Perhaps it was indeed an accident that he ended up where he was.

Or maybe it was a more conscious attempt to provoke and intimidate, to embarrass the US – perhaps with how easily its airspace was invaded. Some in Congress have speculated whether it was launched to test America’s response capability or to send a message about China’s surveillance technology being equal to that of its rival.

What is certain is that, while this incident is more visible and high-profile, surveillance and espionage is a serious and widespread reality.

FBI Director Christopher Wray described China as a “game-changing challenge”. Back in 2020, he said the biggest long-term threat to US intelligence and intellectual property was “the counter-intelligence and economic espionage threat from China”.

Last October, the FBI estimated that it was opening a new Chinese counterintelligence operation every 12 hours.

Under Mr. Xi, China’s actions and words on the international stage have become more aggressive and unapologetic. In this context, it is also possible that China is less invested in the process of repairing relations than it seemed.

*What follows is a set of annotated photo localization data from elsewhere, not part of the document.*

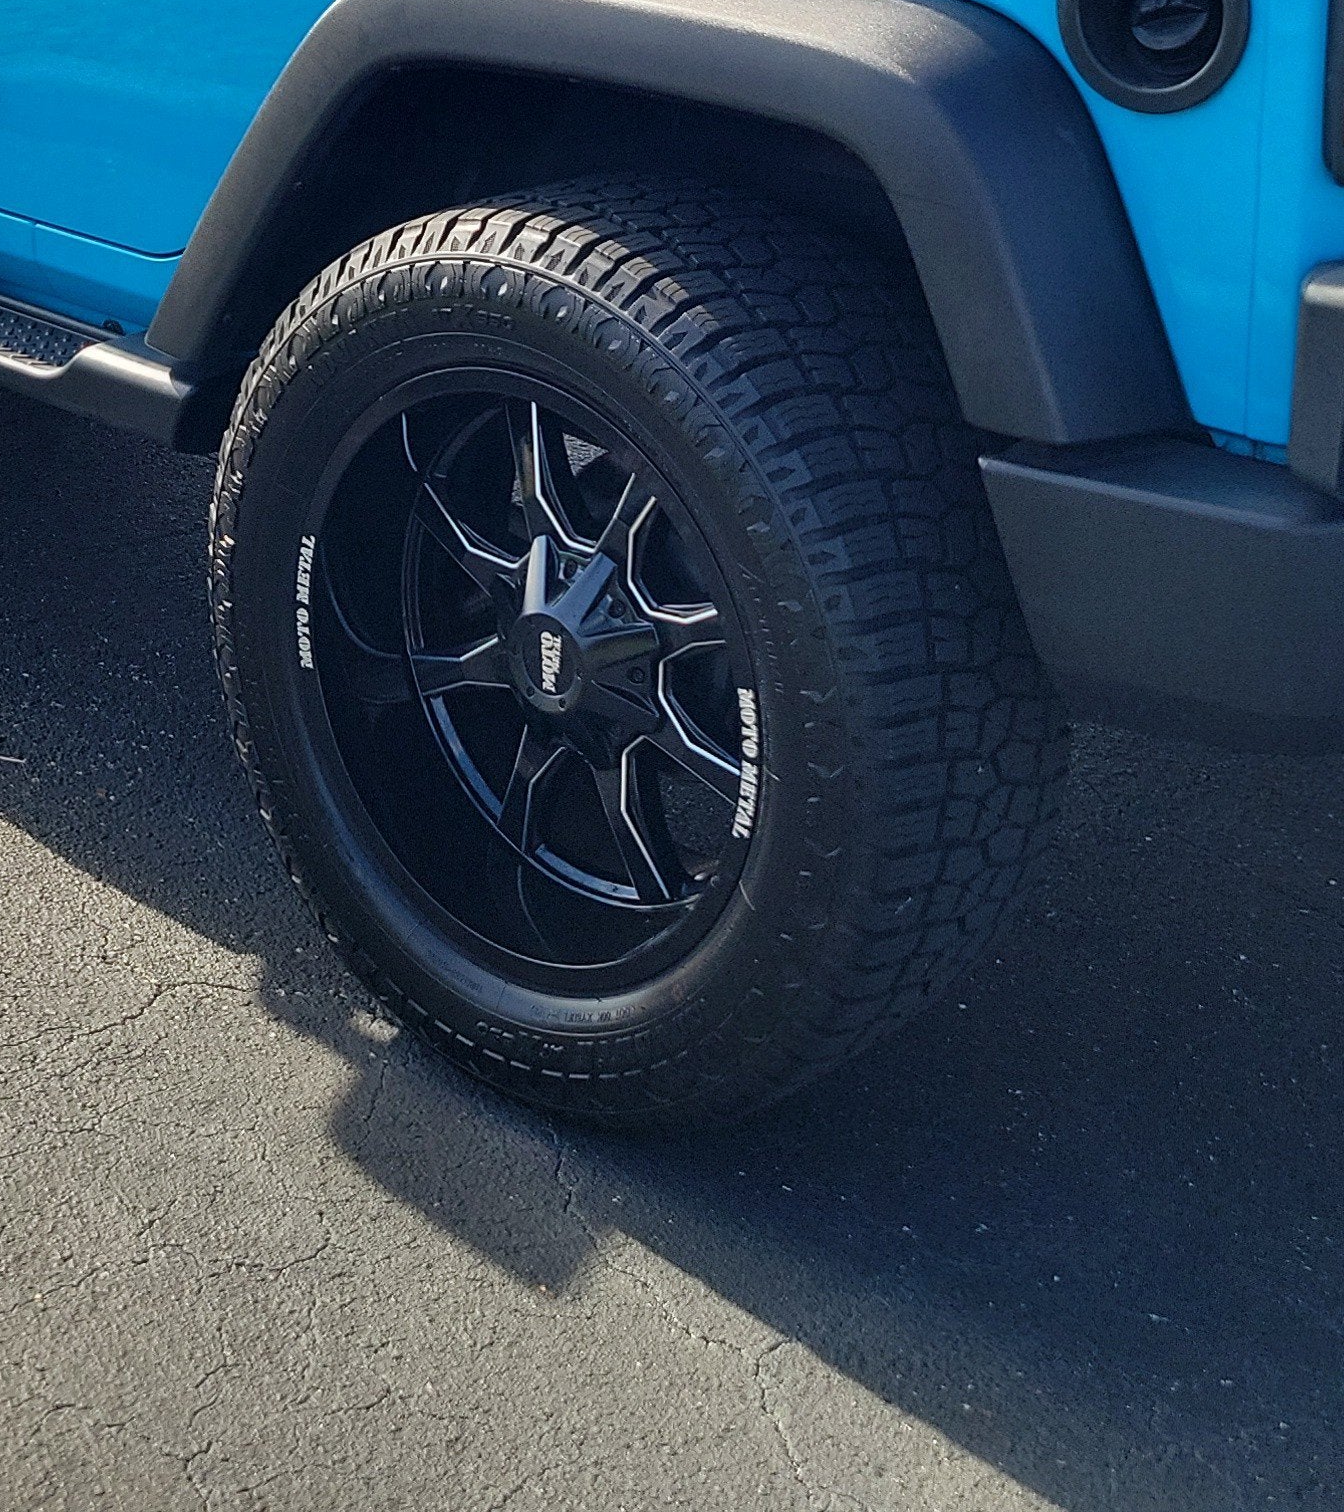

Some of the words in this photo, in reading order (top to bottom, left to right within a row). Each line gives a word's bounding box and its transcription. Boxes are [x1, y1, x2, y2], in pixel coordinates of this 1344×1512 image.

[296, 534, 316, 605] METAL
[296, 607, 315, 670] MOTO
[540, 631, 557, 694] MOTO
[736, 687, 759, 759] MOTO
[731, 759, 759, 839] METAL
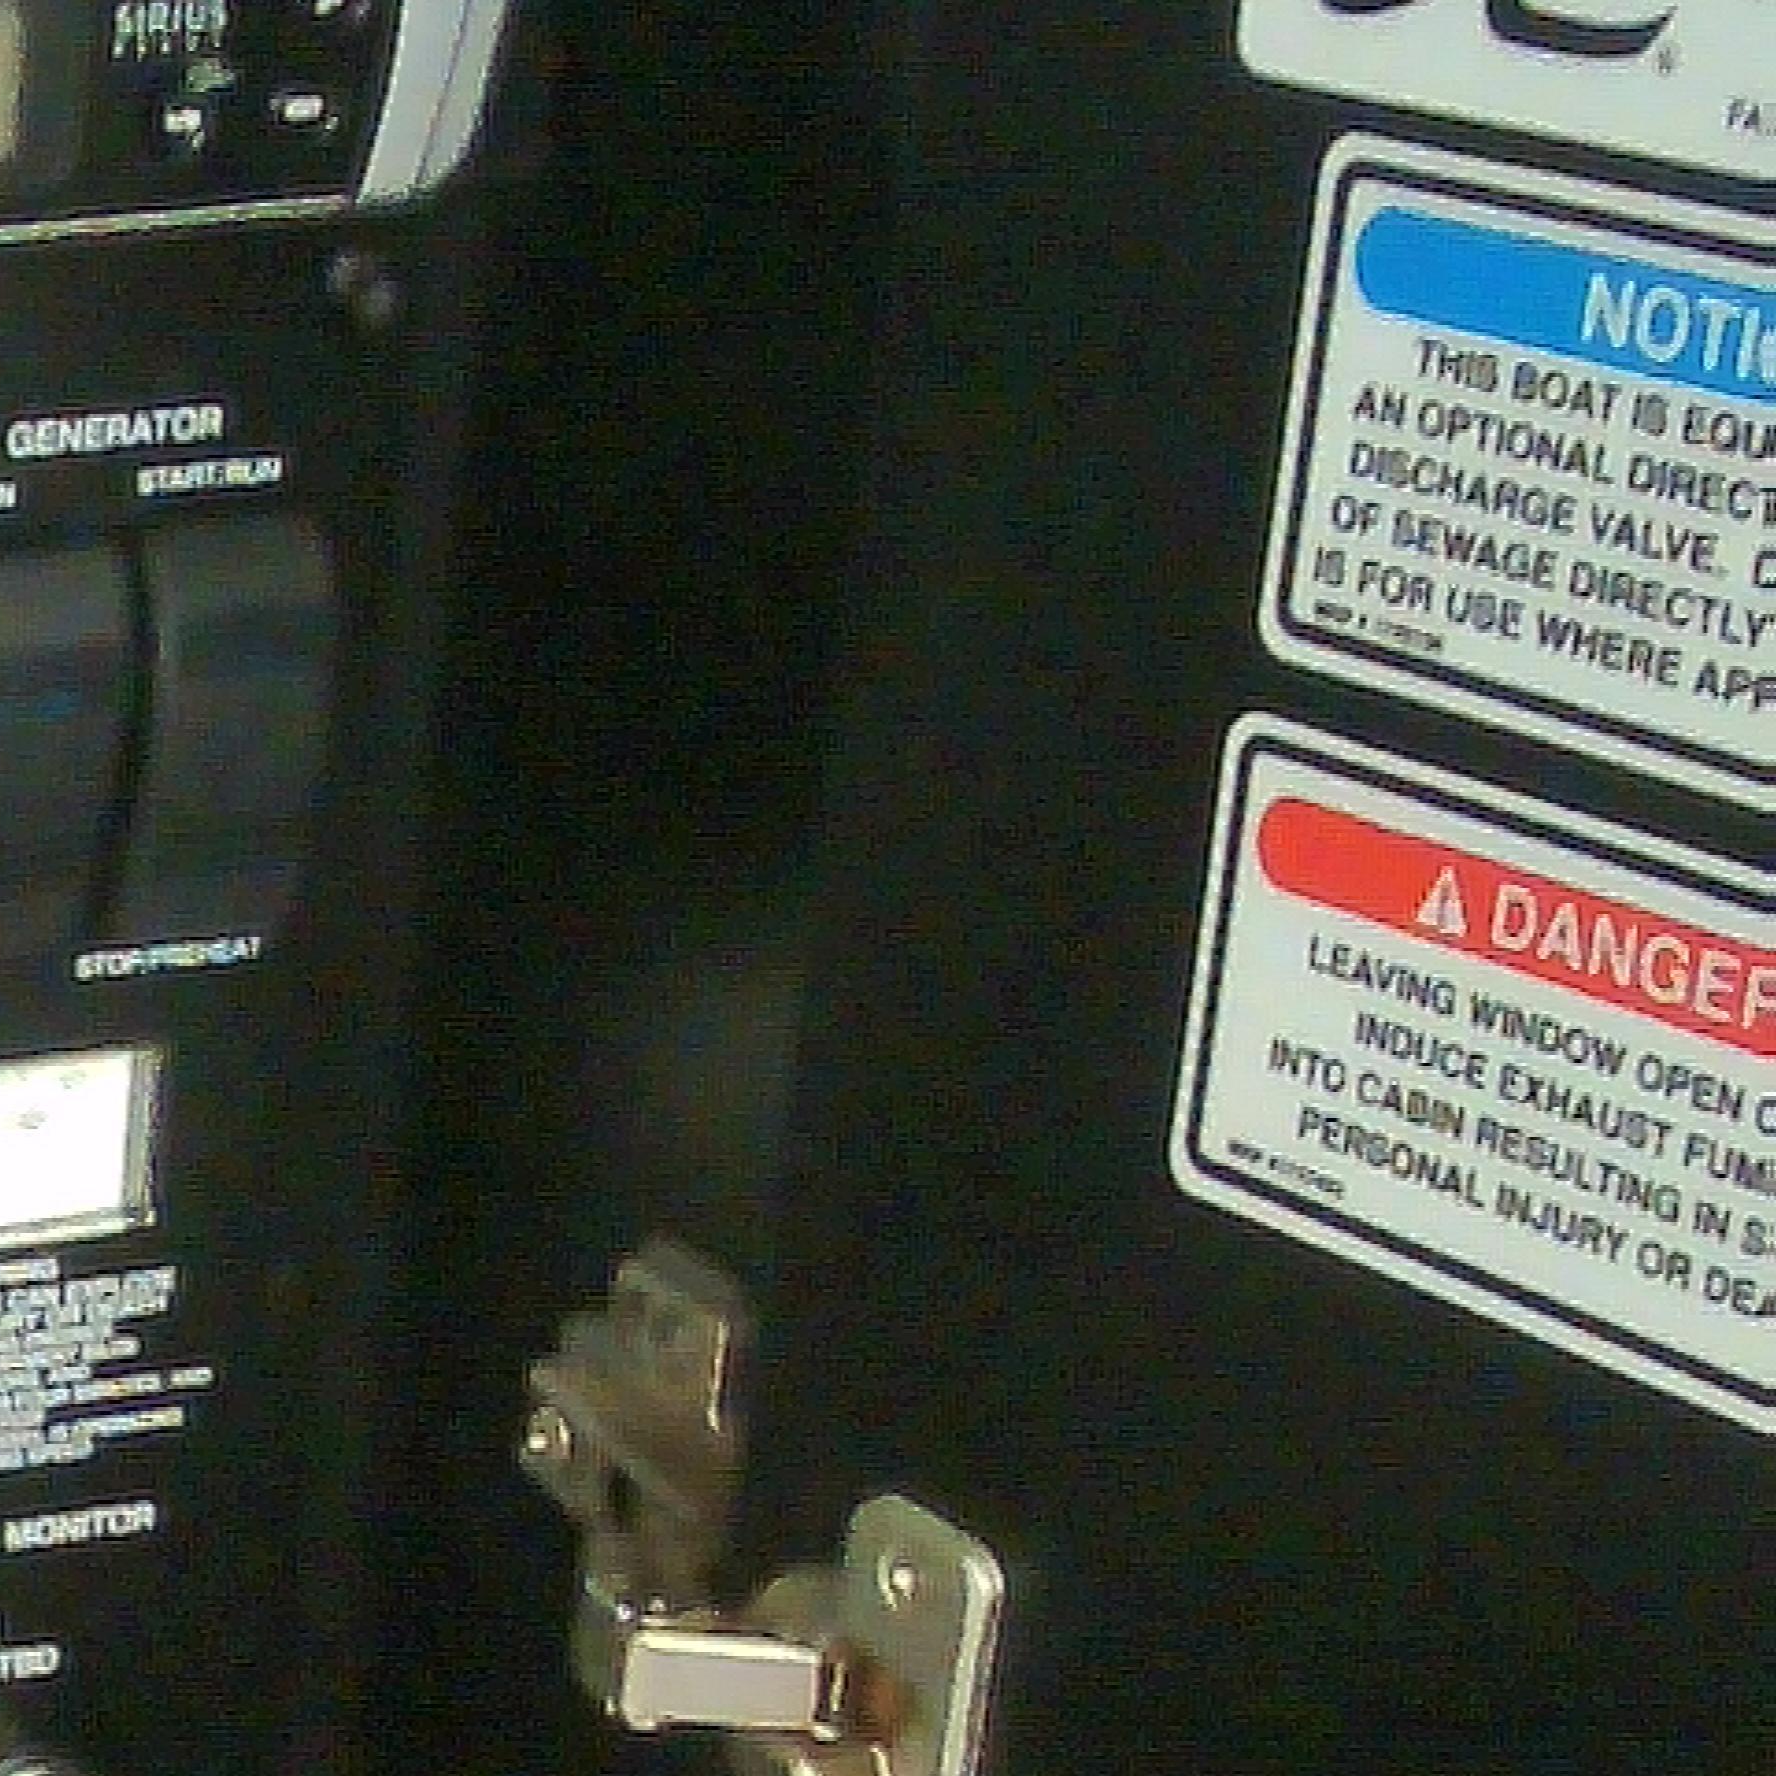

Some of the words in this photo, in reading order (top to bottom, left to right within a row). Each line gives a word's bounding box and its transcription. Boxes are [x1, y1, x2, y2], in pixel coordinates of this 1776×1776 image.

[6, 404, 225, 459] GENERATOR
[1351, 382, 1406, 428] AN
[1418, 397, 1616, 486] OPTIONAL
[1415, 336, 1499, 393] THIS
[1511, 361, 1620, 422] BOAT
[1631, 393, 1668, 437] IS
[1348, 440, 1575, 533] DISCHARGE
[1314, 545, 1345, 588] IS
[1358, 558, 1433, 611] FOR
[1448, 584, 1522, 641] USE
[1535, 607, 1681, 687] WHERE
[1330, 494, 1374, 535] OF
[1391, 507, 1557, 592] SEWAGE
[1568, 558, 1774, 648] DIRECTLY
[1307, 932, 1456, 1018] LEAVING
[1468, 990, 1628, 1079] WINDOW
[1634, 1053, 1744, 1123] OPEN
[1354, 1011, 1486, 1092] INDUCE
[1499, 1062, 1673, 1158] EXHAUST
[1268, 1036, 1348, 1095] INTO
[1354, 1072, 1466, 1144] CABIN
[1474, 1111, 1681, 1224] RESULTING
[1691, 1199, 1733, 1245] IN
[1745, 1217, 1776, 1260] S
[1296, 1103, 1484, 1210] PERSONAL
[1495, 1187, 1628, 1265] INJURY
[1634, 1241, 1693, 1291] OR
[3, 1500, 158, 1554] MONITOR

It’s worth remembering that America also engages in its fair share of surveillance – both sides are well known to have trained spy satellites.

All of the initial efforts to keep the animosity between the two at bay may not be lost. US officials insist that the lines of communication remain open and that Mr Blinken’s visit has only been postponed and not cancelled.

But this relationship was already a very complex balancing act, even before this incident was considered to have made any kind of progress, the chances are now more remote.